Part of the current reforms has been on the table for many years. The current reform effort is to remove the impediments to the past that have impeded the value Nigerians drive from it and to make the industry competitive worldwide. Third is to open up the industry so that Nigerians can also participate. Some of them are regulatory; like the PIB some are structural, some are intended to increase the efficiency of the industry.
My understanding of the reforms announced by the Petroleum Minister (state) is to break up the behemoth NNPC to a semi autonomous company each with a clear pattern and a clear flow of resources going in and out to ensure there are no leakages.
Whether this will achieve the intended effectively or not? In some areas, I have some concerns. It depends to a largest extent. We haven’t seen the full implementation of the reforms so it would be unfair to make any judgment. But in my view, unless those independent units are clearly self-accounting and one can see whether these units are actually making profit or loss. If it is making profit and we can see it, then the reform will be valuable, but if on the other hand we are putting them as independent units but still under one umbrella then it may probably not make the purpose.
Away from petroleum, we have seen dramatic changes in the cement industry but till now your interventions in the sugar sector are not visible. There is the target for Nigeria to be self-sufficient in sugar. What are the challenges there?
We have been able to influence the cement side both in terms of supply and in terms of pricing because we are fully integrated. We operate from the quarry to the cement bag so we are in control of the full value chain. In sugar we are not yet, we import raw sugar, refine it and then sell as dry sugar. Because we are only refining means that we do not have full control over the price behind the raw sugar.
Second, the competition in the market is intense but we are changing it. Already we have a small sugar integrated plant in Adamawa. However, part of our plan is expand the sugar plantation from the current 6000 hectares to 150000 hectares that will help us produce sugar, at least, about 1m tons per annum that will enable us also have the kind of impact that we can have in the sugar market. We are in the process of negotiating with other state governments principally for now, Kebbi state. We have developed new acreages in those areas. I am confident that in the next four years we should be able to see change in the sugar industry as well.
There has been a sustained advocacy for the use of cement in road construction. Shouldn’t we be concerned about the quality and cost of this new technology versa vice? What you think are the disadvantages are actually the advantages.
Based on the current cost of imported asphalt and given the high rate of foreign exchange and given the fact that we are bringing cement prices down, we have established beyond reasonable doubt that for the same length of road and for the same terrain, a concrete road today will cost anything between 15 and 20 percent lower than the equivalent cost of an asphalt road.
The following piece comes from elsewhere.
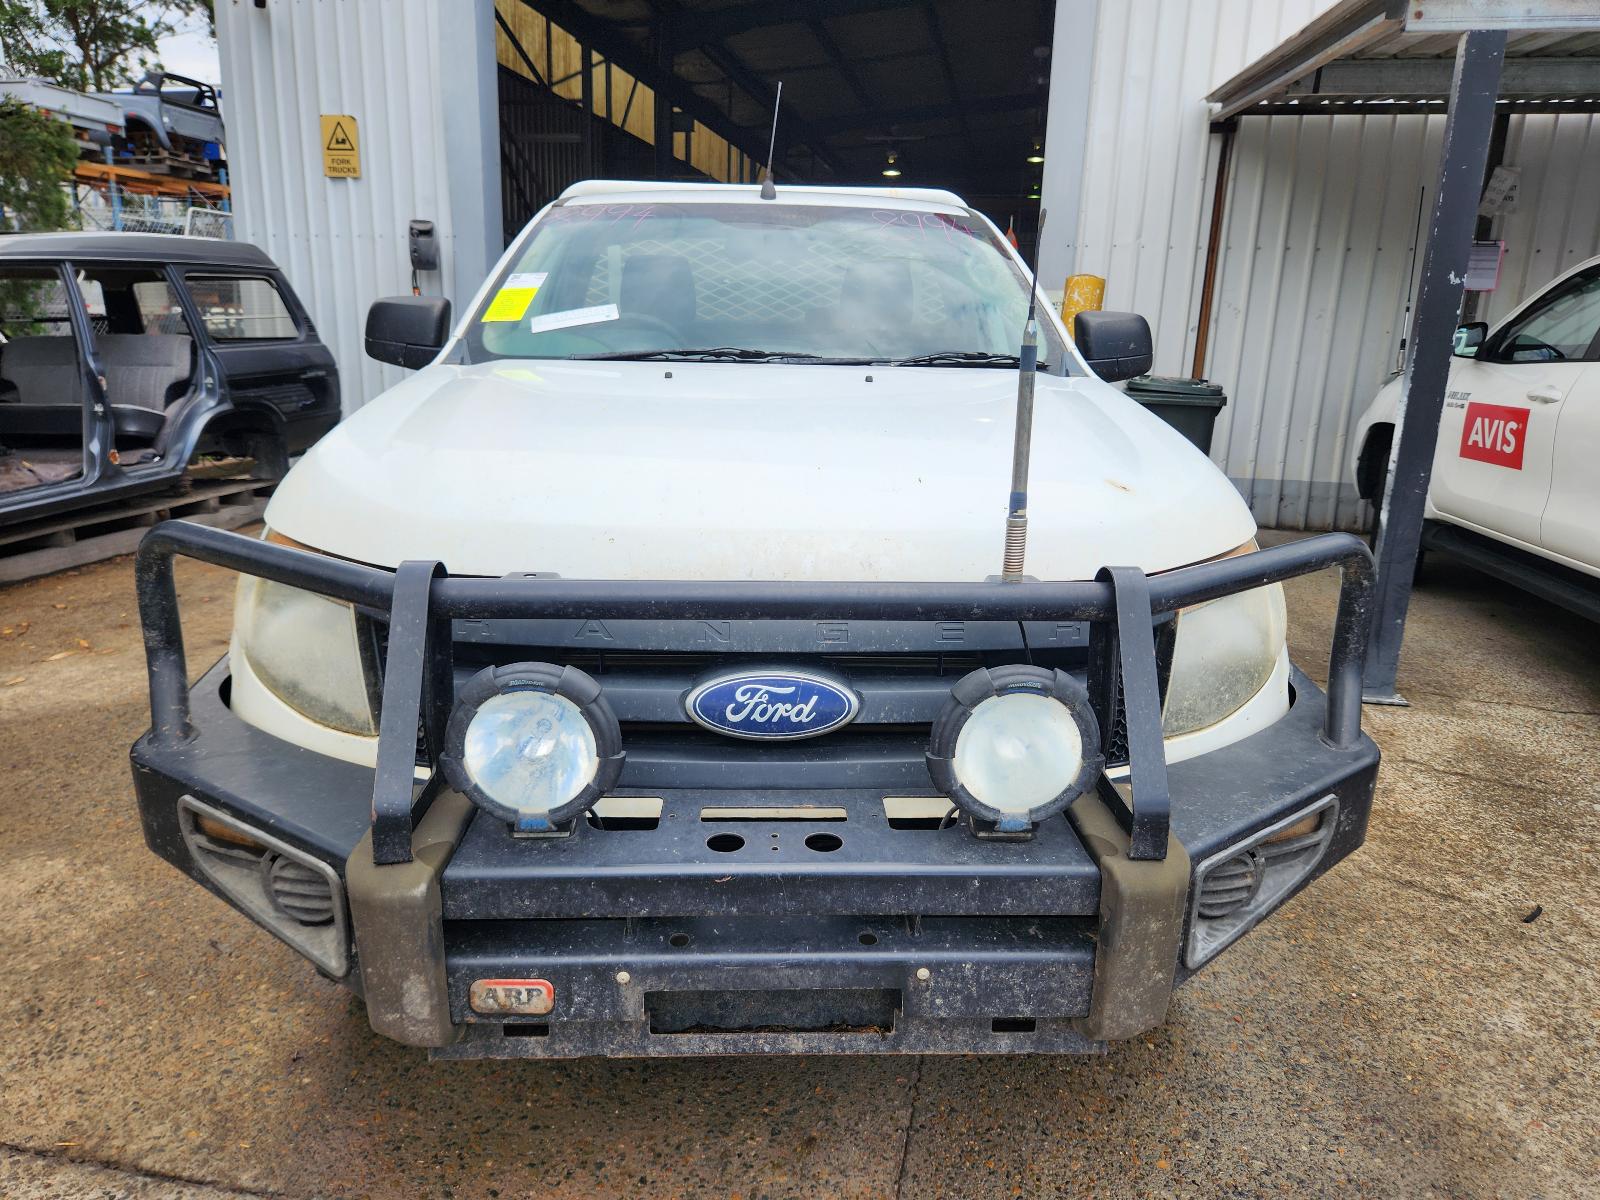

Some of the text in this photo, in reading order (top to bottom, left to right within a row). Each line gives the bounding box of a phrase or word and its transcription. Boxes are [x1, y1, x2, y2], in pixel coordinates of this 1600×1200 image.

[328, 166, 358, 175] TRUCKS
[331, 158, 351, 166] FORK
[1467, 416, 1519, 454] AVIS
[725, 684, 819, 723] Ford
Concrete road is less maintenance-intensive than asphalt road. Third, with limited maintenance, concrete road will last between 25 and 35 years. An asphalt road of the same standard will not last more than 10 to 15 years. It is just that in this country we are so used to the normal black asphalt road. But we have been selling this and I can assure you that in the next two years you will be surprised there will be many concrete roads in this country.